Familial band heterotopia

Familial band heterotopia: A rare inherited disorder where a part of the brain tissue is misplaced during development. More specifically, a layer of brain tissue is abnormally located in the white matter.

Familial cerebral cavernous malformation

Familial cerebral cavernous malformation: Another name for Cerebral cavernous malformations (or close medical condition association). Cerebral cavernous malformations: A rare disorder where a group of small abnormal blood vessels in the brain. These blood vessels become enlarged, irregularly shaped and thin walled. They swell when filled with blood and are then often unable to return to their original shape and the thin walls means that they can leak blood and cause bleeding in the brain. Severity of symptoms depends on the number and location of the lesions.

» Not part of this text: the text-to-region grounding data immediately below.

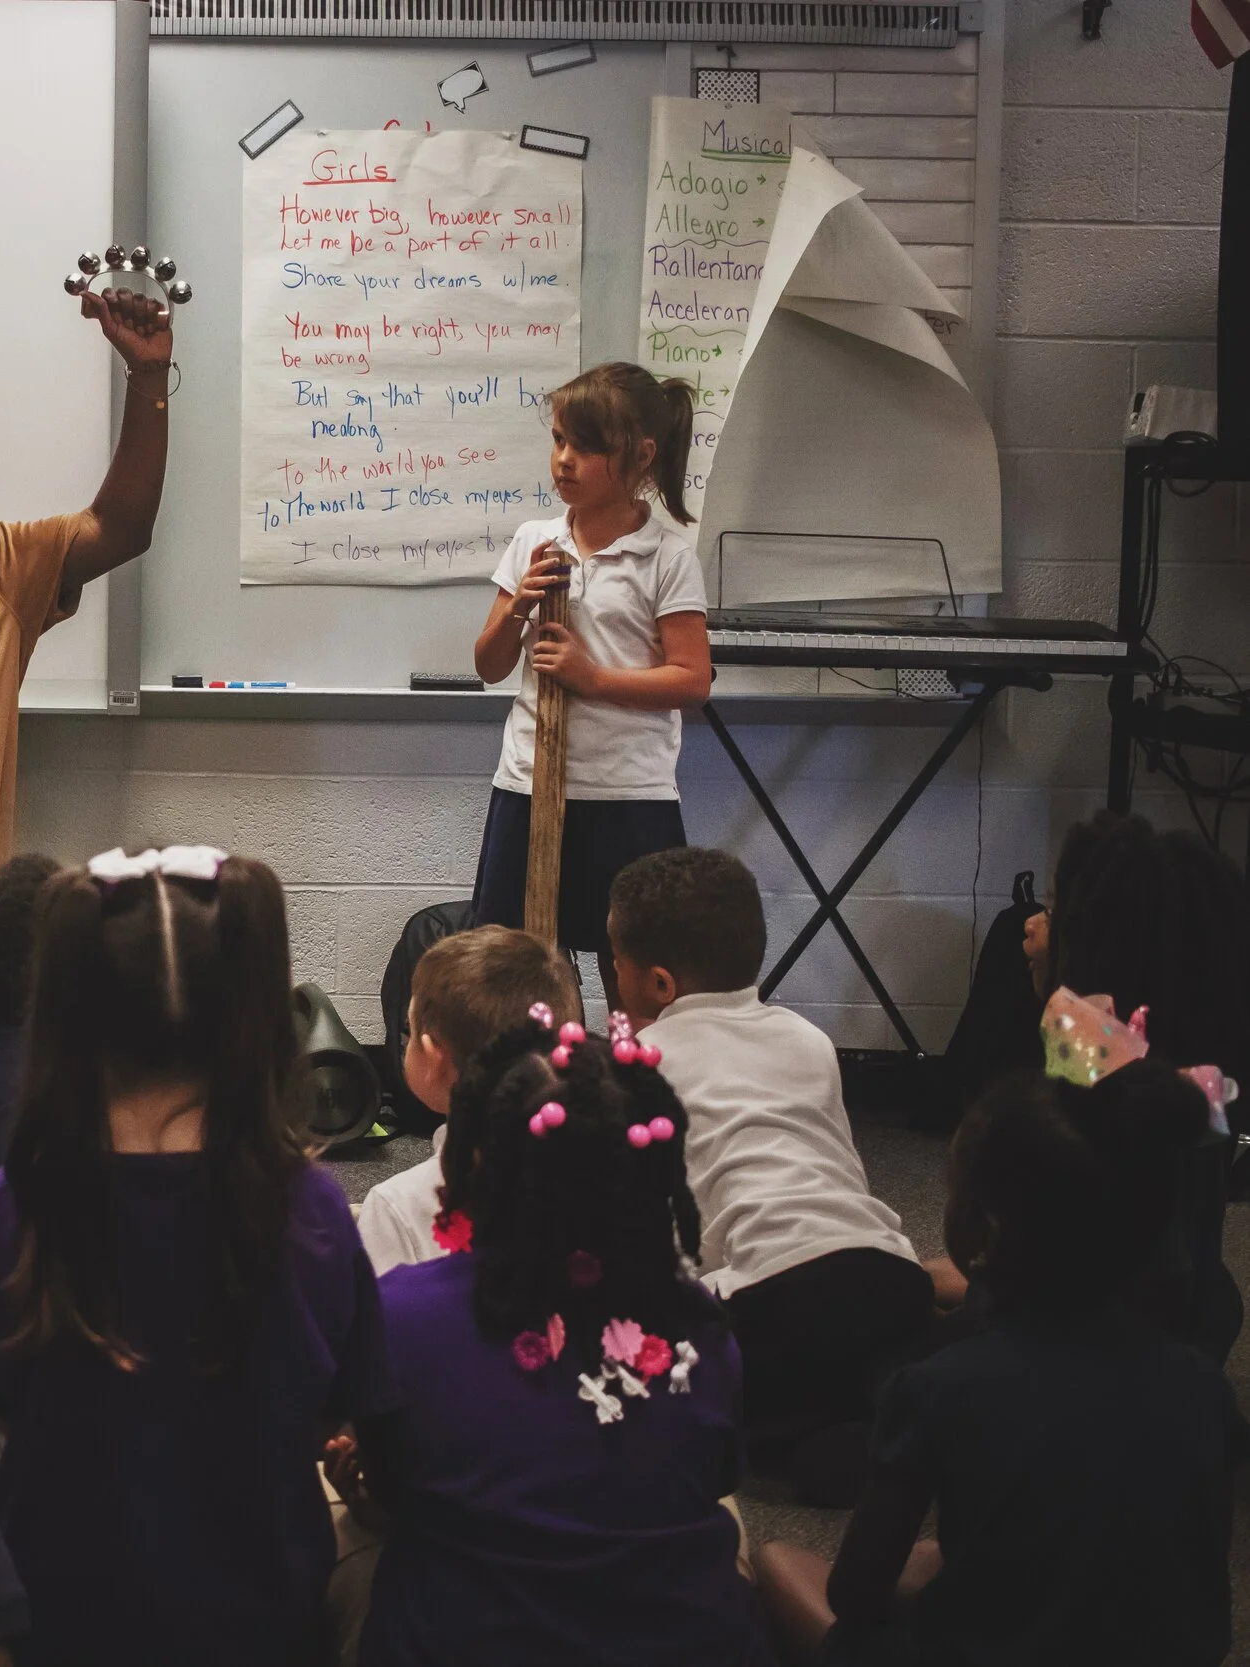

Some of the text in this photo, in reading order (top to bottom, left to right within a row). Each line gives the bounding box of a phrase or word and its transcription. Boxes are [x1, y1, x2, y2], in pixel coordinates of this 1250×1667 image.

[703, 119, 791, 155] Musical
[311, 150, 390, 181] Girls
[656, 161, 748, 210] Adagio
[280, 192, 570, 235] However big, however small
[655, 204, 738, 249] Allegro
[281, 224, 312, 251] Let
[321, 238, 342, 250] me
[351, 229, 374, 257] be
[384, 240, 396, 252] a
[408, 232, 449, 259] part
[459, 230, 490, 251] of
[501, 231, 522, 252] it
[281, 262, 346, 289] Share
[354, 273, 399, 301] your
[414, 268, 482, 290] dreams
[647, 289, 750, 323] Acceleran
[285, 311, 560, 356] You may be right, you may
[647, 331, 710, 363] Piano
[281, 346, 370, 375] be wrong
[291, 380, 327, 408] But
[345, 389, 372, 422] say
[382, 382, 425, 408] that
[446, 376, 498, 419] you'll
[277, 447, 497, 494] to the world you see
[257, 501, 279, 532] to
[380, 487, 401, 511] I
[409, 484, 453, 506] close
[533, 481, 552, 508] to
[291, 541, 316, 564] I
[333, 534, 382, 561] close
[402, 538, 430, 570] my
[436, 540, 477, 569] eyes
[479, 525, 495, 552] to

Familial Chylomicronemia Syndrome

Familial chylomicronemia syndrome (FCS) is a rare genetic disorder estimated to affect 1-2 individuals per million. It is a serious disease that prevents the body from breaking down fats consumed through the diet, or triglycerides. These triglycerides are carried in the blood by large structures called chylomicrons. Chylomicrons help move triglycerides to different parts of the body where they are needed for energy and fat storage.

Familial cylindromatosis

Familial cylindromatosis: A rare familial condition characterized by the development of multiple little tumors on various parts of the body that grow hair. The tumors originate mainly from the sweat and scent producing glands. The growths occur mainly on the head and neck. Tumors close together may merge and ulcerate or become infected. The tumors usually start after the first decade and continue to grow slowly in size and number. In rare severe cases, the cylindromas may be the size of fists.

Familial deafness

Familial deafness: Deafness that tends to run in families (familial) and has genetic origins.

Familial dermographism

Familial dermographism: A rare inherited form of hives. Even a single stroke applied with moderate pressure on the skin produces a red welt. The response usually occurs within minutes of the stimulus and may last for a few hours.

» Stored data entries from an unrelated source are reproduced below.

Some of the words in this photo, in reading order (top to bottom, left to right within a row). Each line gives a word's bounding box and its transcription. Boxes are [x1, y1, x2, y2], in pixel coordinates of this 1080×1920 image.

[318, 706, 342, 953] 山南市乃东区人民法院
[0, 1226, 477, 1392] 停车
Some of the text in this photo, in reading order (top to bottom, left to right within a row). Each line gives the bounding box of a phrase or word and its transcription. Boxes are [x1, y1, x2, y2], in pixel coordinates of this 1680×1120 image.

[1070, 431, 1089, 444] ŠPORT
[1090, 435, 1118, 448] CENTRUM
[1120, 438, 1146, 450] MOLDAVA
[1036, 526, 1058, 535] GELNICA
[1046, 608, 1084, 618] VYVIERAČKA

Familial dilated cardiomyopathy

Familial dilated cardiomyopathy: A rare inherited heart muscle condition where one or both heart ventricles are dilated or have impaired contractility. The heart becomes unable to pump sufficient blood around the body.

Familial emphysema

Familial emphysema: A rare genetic form of emphysema caused by a deficiency of alpha-1 antitrypsin (AAT) which results in destruction of the elastin component of the lung structure. The disorder tends to run in families (familial).

Familial encephalopathy with neuroserpin inclusion bodies

Encephalopathy, familial, with neuroserpin inclusion bodies: A rare neurodegenerative disorder involving brain disease due to a genetic chemical abnormality which results in the abnormal deposit of neuroserpin inclusion bodies which is harmful to the nerves.

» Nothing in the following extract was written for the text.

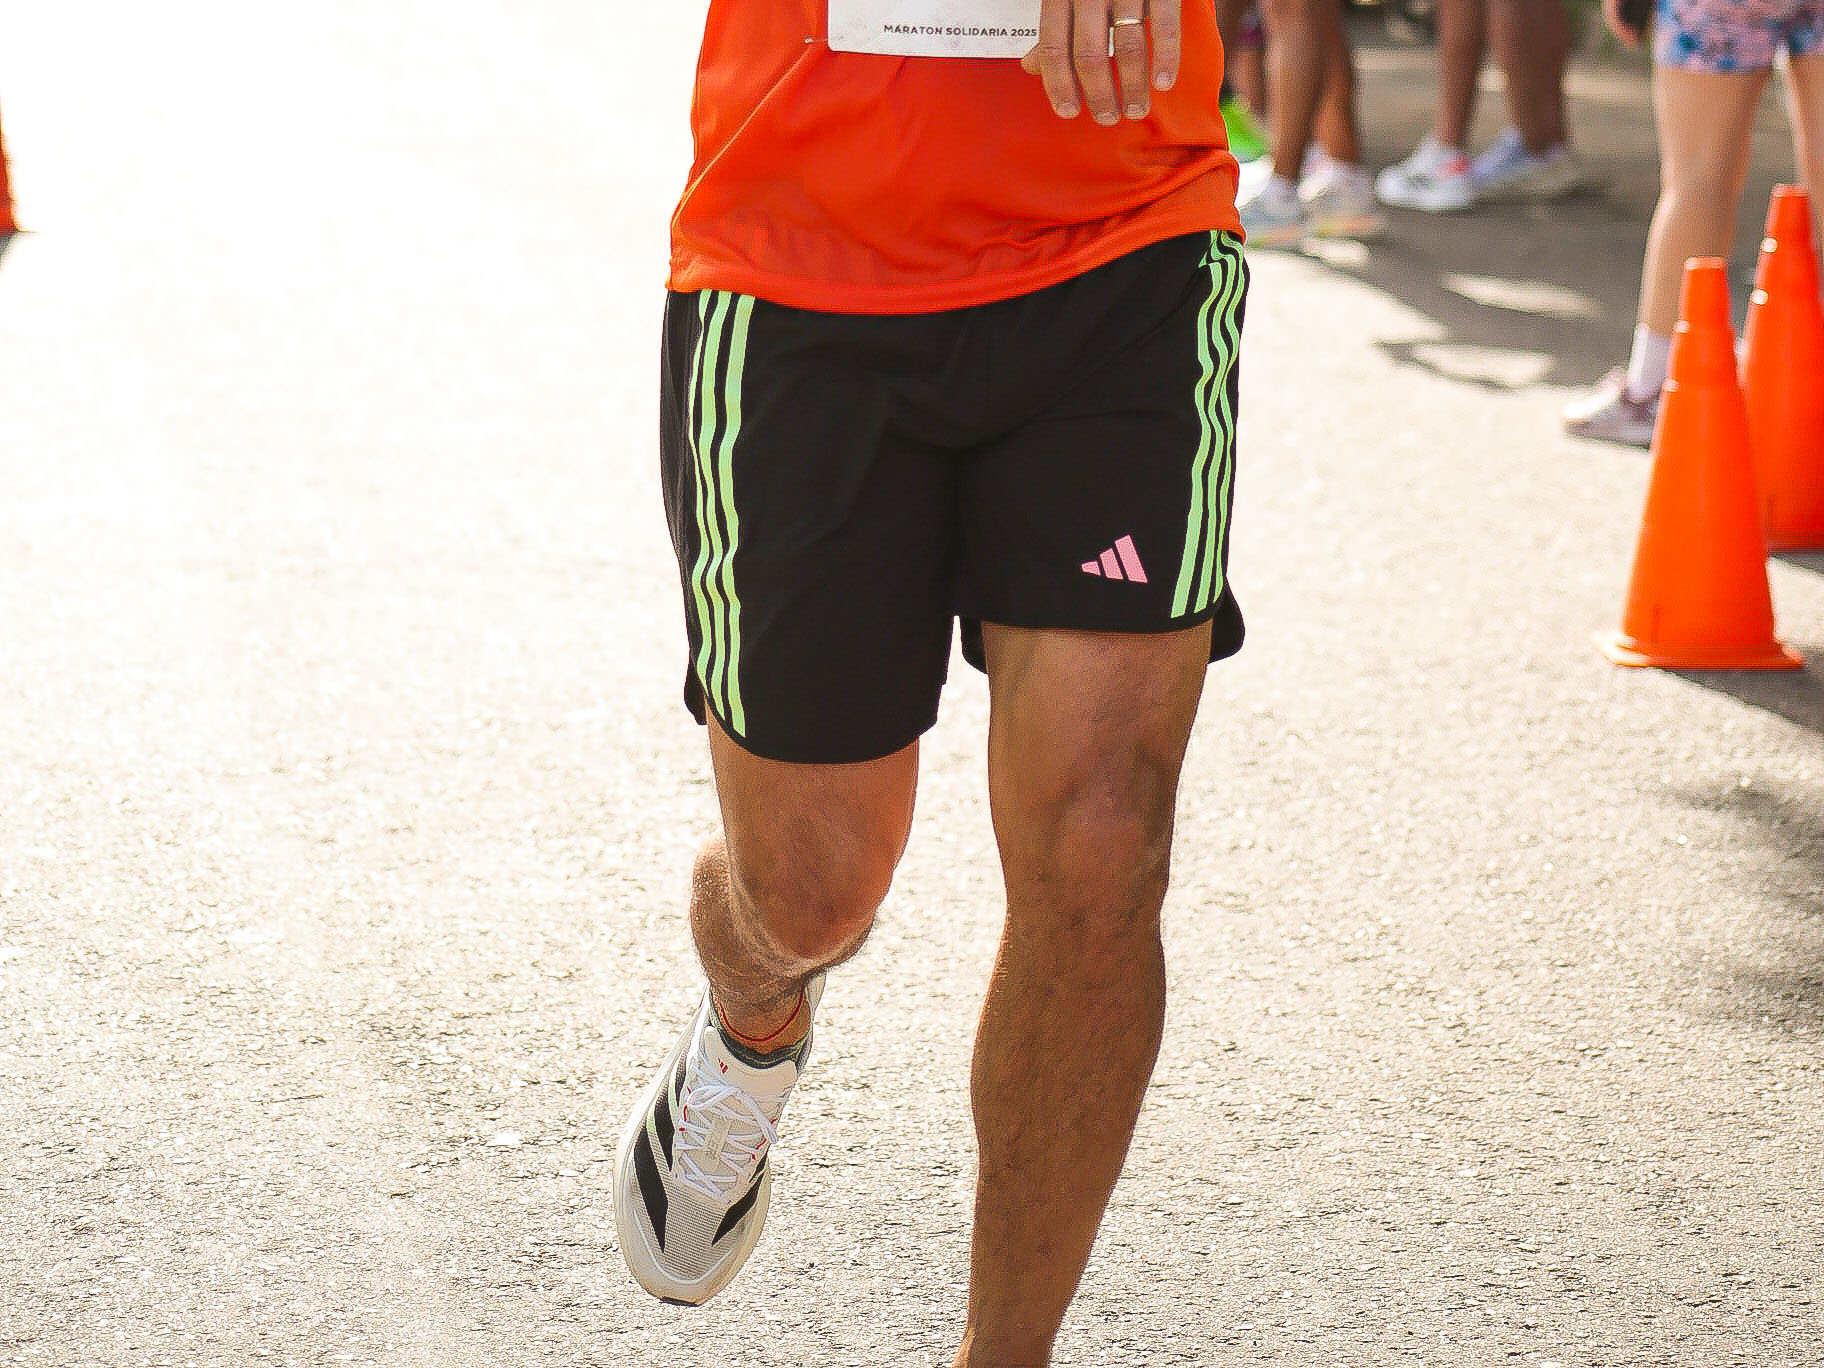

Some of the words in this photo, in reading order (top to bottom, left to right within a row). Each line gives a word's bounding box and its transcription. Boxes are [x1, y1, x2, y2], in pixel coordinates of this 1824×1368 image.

Familial erythrocytosis- 1

Familial erythrocytosis, 1: A rare genetic blood disorder resulting in an increased red blood cell count. The genetic mutation occurs on the erythropoietin gene on chromosome 19p13.3-p13.2.

Familial hyperlipoproteinemia

Familial hyperlipoproteinemia: A group of genetic disorder characterized by abnormal breakdown of lipoproteins which causes abnormal lipoprotein and lipid levels in the blood. There are various types of this condition: hyperlipoproteinemia type I, II, III, IV and V. The type and severity of symptoms vary between types. The disorder tends to run in families (familial).

Familial hyperlipoproteinemia type 3

Hyperlipoproteinemia type 3: A rare genetic disorder characterized by the body's impaired ability to break down certain lipids (triglycerides) which results in their buildup in the blood.